Start of EXTRACTED INFORMATION

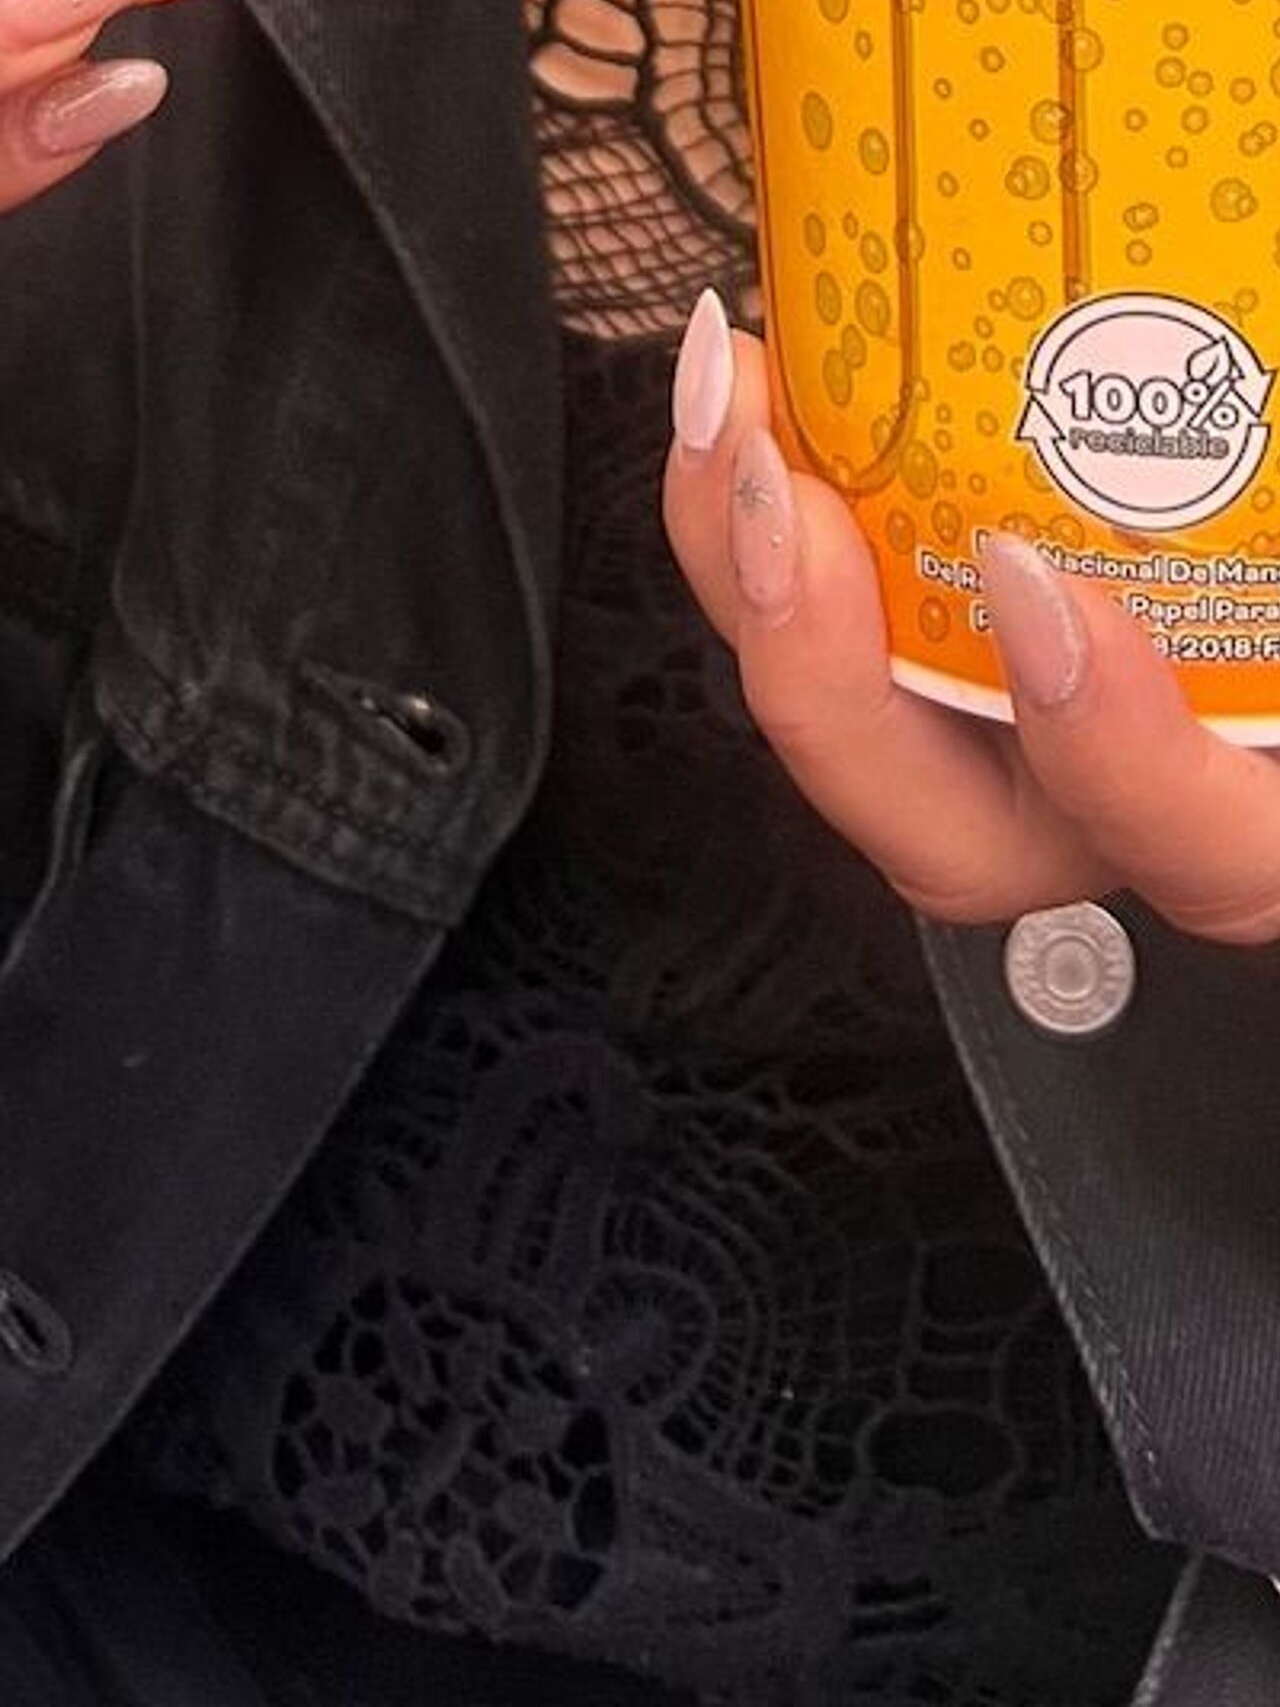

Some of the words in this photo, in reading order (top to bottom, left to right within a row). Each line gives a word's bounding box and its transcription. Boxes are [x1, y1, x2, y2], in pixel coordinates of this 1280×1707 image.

[1059, 369, 1240, 431] 100%
[1069, 426, 1230, 460] reciclable
[921, 550, 953, 586] De
[1129, 593, 1210, 628] Papel
[1215, 597, 1280, 623] Para
[1169, 558, 1209, 583] De
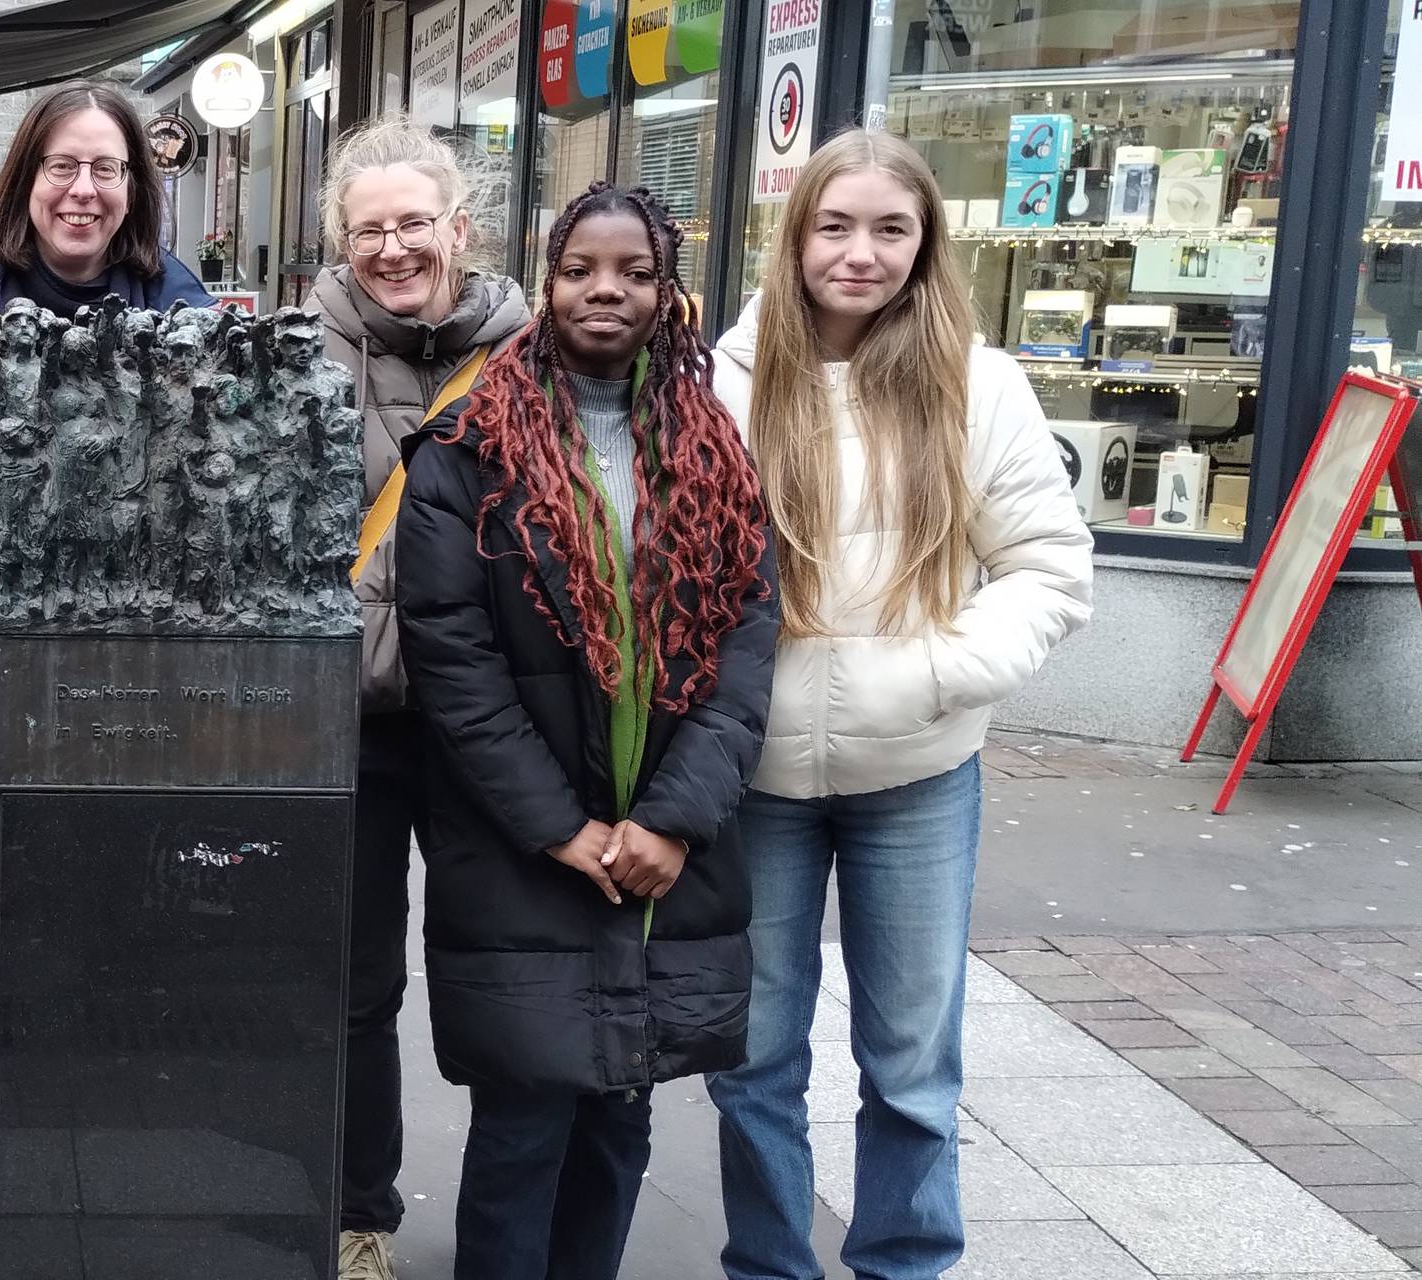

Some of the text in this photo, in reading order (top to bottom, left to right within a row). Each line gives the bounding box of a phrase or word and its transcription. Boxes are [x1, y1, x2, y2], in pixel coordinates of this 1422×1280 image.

[413, 32, 424, 56] AN-
[430, 7, 457, 43] VERKAUF
[631, 6, 669, 38] SICHERUNG
[769, 0, 820, 34] EXPRESS
[462, 19, 519, 74] EXPRESS REPARATUR
[543, 24, 570, 52] PANZER-
[767, 28, 818, 58] REPARATUREN
[462, 70, 485, 99] SCHNELL
[491, 49, 515, 80] EINFACH
[546, 57, 563, 83] GLAS
[758, 166, 803, 195] IN 30MI
[101, 684, 161, 702] Herren
[179, 685, 226, 702] Wort
[241, 686, 291, 702] bleibt
[56, 723, 72, 739] in
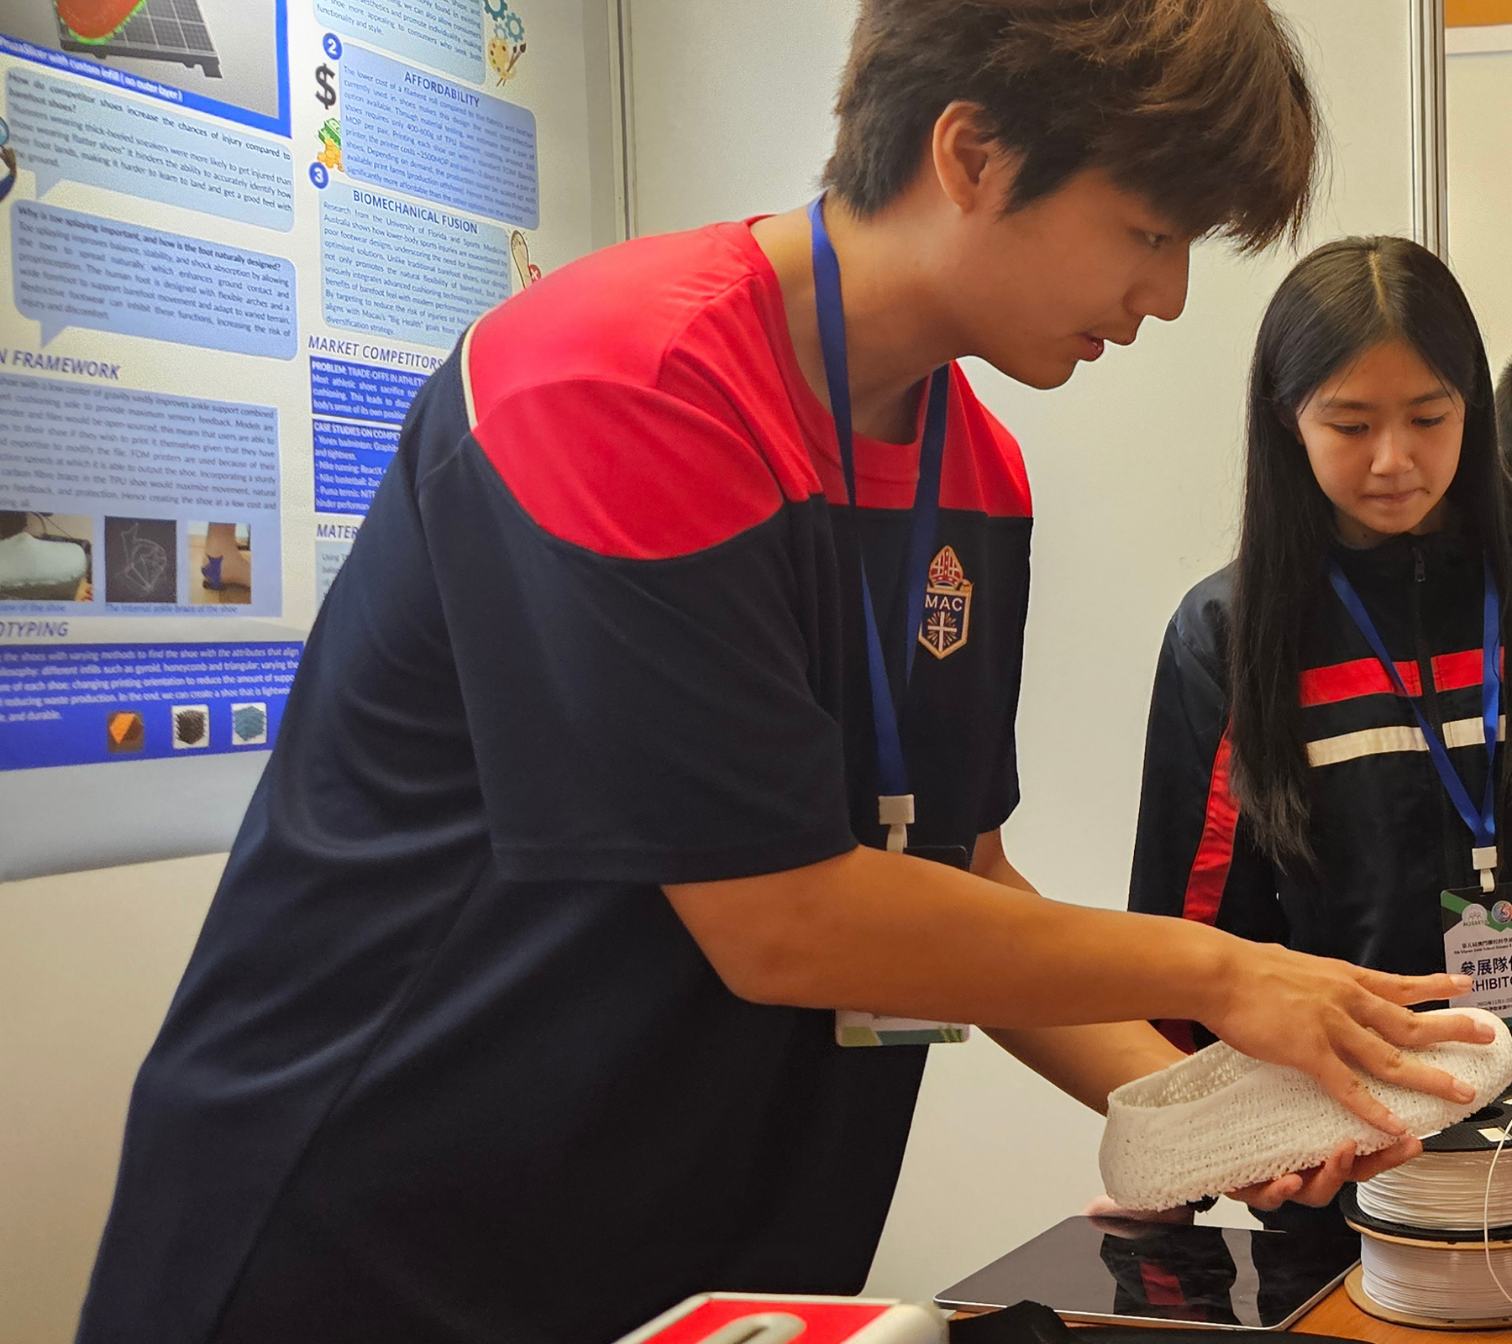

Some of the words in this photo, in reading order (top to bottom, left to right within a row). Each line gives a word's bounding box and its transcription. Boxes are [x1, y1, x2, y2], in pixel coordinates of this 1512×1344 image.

[404, 70, 479, 108] AFFORDABILITY
[353, 189, 439, 224] BIOMECHANICAL
[442, 213, 477, 234] FUSION
[13, 349, 121, 380] FRAMEWORK
[308, 335, 359, 356] MARKET
[362, 345, 443, 372] COMPETITORS
[924, 594, 963, 612] MAC
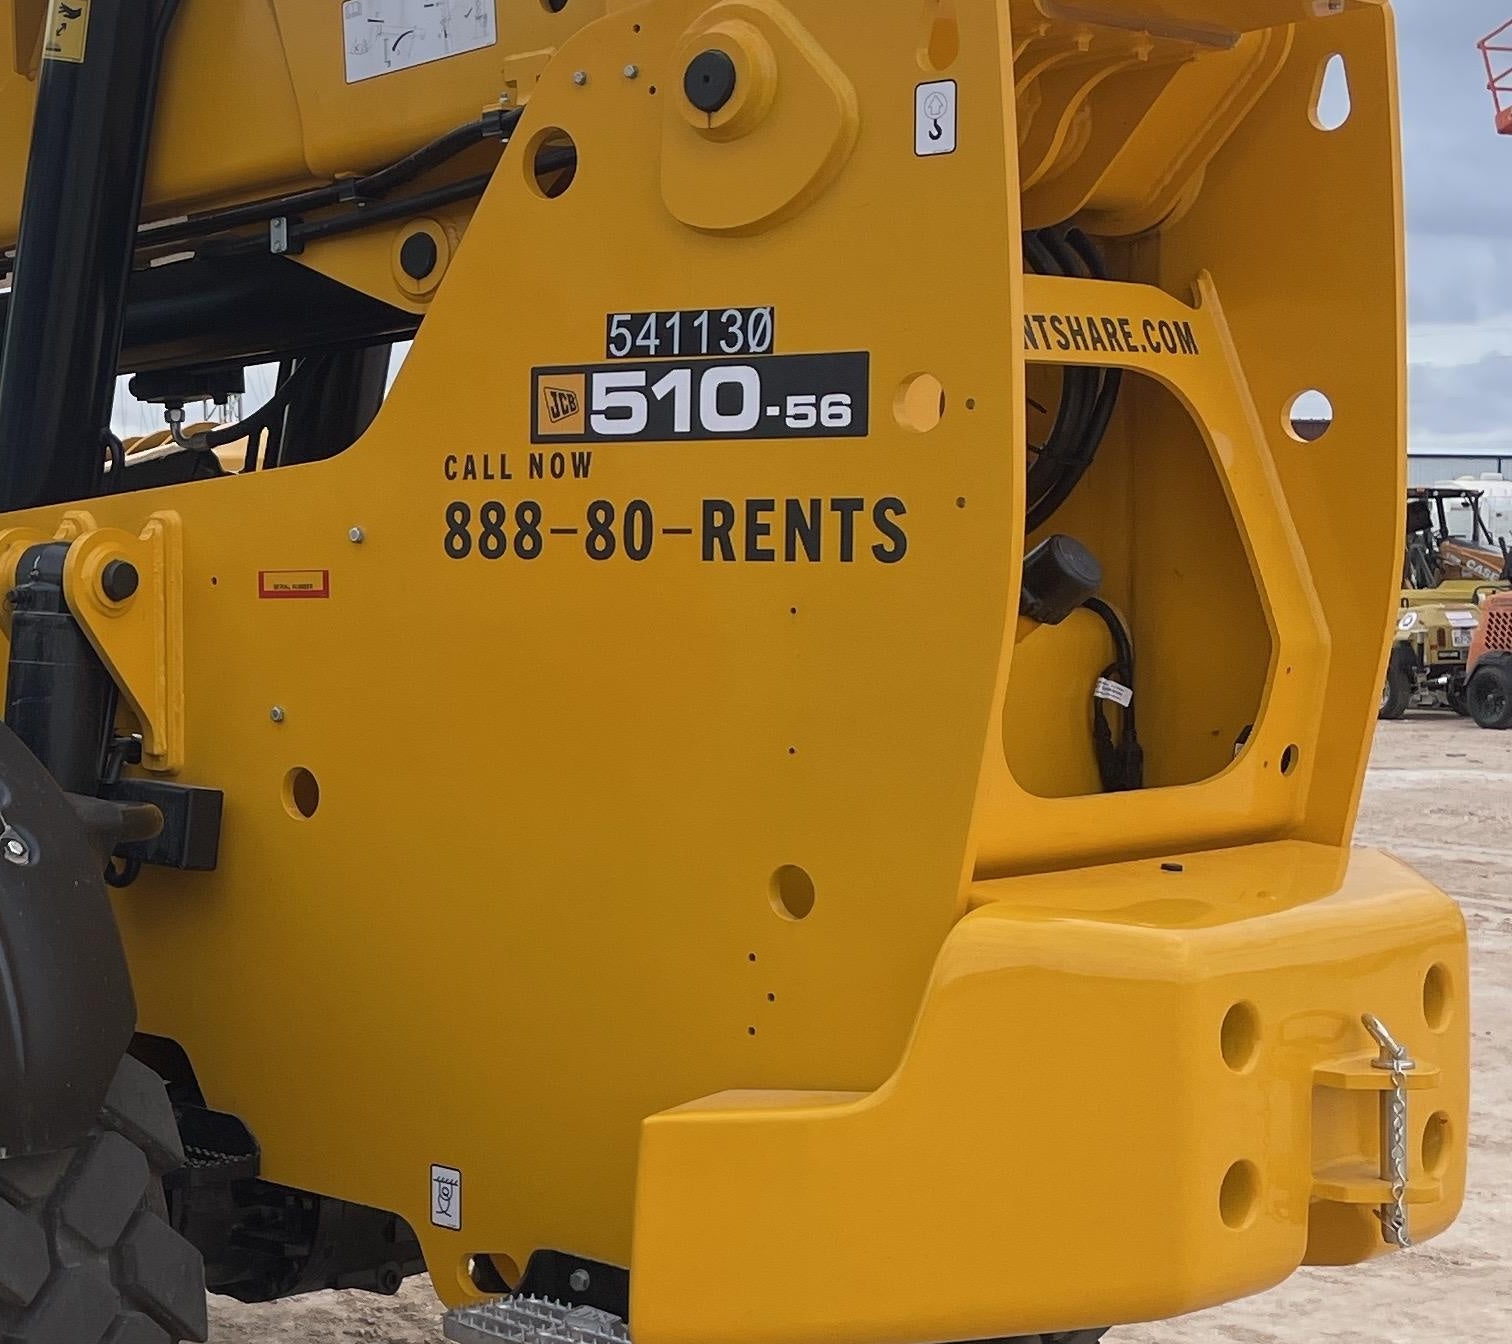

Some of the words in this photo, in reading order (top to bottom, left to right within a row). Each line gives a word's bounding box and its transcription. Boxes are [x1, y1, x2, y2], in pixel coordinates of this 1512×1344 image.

[608, 307, 773, 357] 541130
[550, 390, 577, 419] JCB
[444, 454, 513, 481] CALL
[529, 450, 593, 479] NOW
[443, 495, 908, 564] 888-80-RENTS

End of EXTRACTED INFORMATION

▸ **TASK**: Copy every entry exactly, leaving out the pictures.

▸ **WRITTEN RESPONSE**:
Some of the words in this photo, in reading order (top to bottom, left to right within a row). Each line gives a word's bounding box and its transcription. Boxes are [x1, y1, x2, y2], in pixel coordinates of this 1280×1707 image.

[1059, 369, 1240, 431] 100%
[1069, 426, 1230, 460] reciclable
[921, 550, 953, 586] De
[1129, 593, 1210, 628] Papel
[1215, 597, 1280, 623] Para
[1169, 558, 1209, 583] De

Some of the text in this photo, in reading order (top to bottom, left to right within a row). Each line gives the bounding box of a phrase or word and its transcription. Boxes are [x1, y1, x2, y2], in pixel coordinates of this 1422×1280 image.

[413, 32, 424, 56] AN-
[430, 7, 457, 43] VERKAUF
[631, 6, 669, 38] SICHERUNG
[769, 0, 820, 34] EXPRESS
[462, 19, 519, 74] EXPRESS REPARATUR
[543, 24, 570, 52] PANZER-
[767, 28, 818, 58] REPARATUREN
[462, 70, 485, 99] SCHNELL
[491, 49, 515, 80] EINFACH
[546, 57, 563, 83] GLAS
[758, 166, 803, 195] IN 30MI
[101, 684, 161, 702] Herren
[179, 685, 226, 702] Wort
[241, 686, 291, 702] bleibt
[56, 723, 72, 739] in

Some of the words in this photo, in reading order (top to bottom, left to right within a row). Each line gives a word's bounding box and its transcription. Boxes are [x1, y1, x2, y2], in pixel coordinates of this 1512×1344 image.

[404, 70, 479, 108] AFFORDABILITY
[353, 189, 439, 224] BIOMECHANICAL
[442, 213, 477, 234] FUSION
[13, 349, 121, 380] FRAMEWORK
[308, 335, 359, 356] MARKET
[362, 345, 443, 372] COMPETITORS
[924, 594, 963, 612] MAC

Some of the words in this photo, in reading order (top to bottom, left to right within a row). Each line gives a word's bounding box and its transcription. Boxes are [x1, y1, x2, y2], in pixel coordinates of this 1512×1344 image.

[608, 307, 773, 357] 541130
[550, 390, 577, 419] JCB
[444, 454, 513, 481] CALL
[529, 450, 593, 479] NOW
[443, 495, 908, 564] 888-80-RENTS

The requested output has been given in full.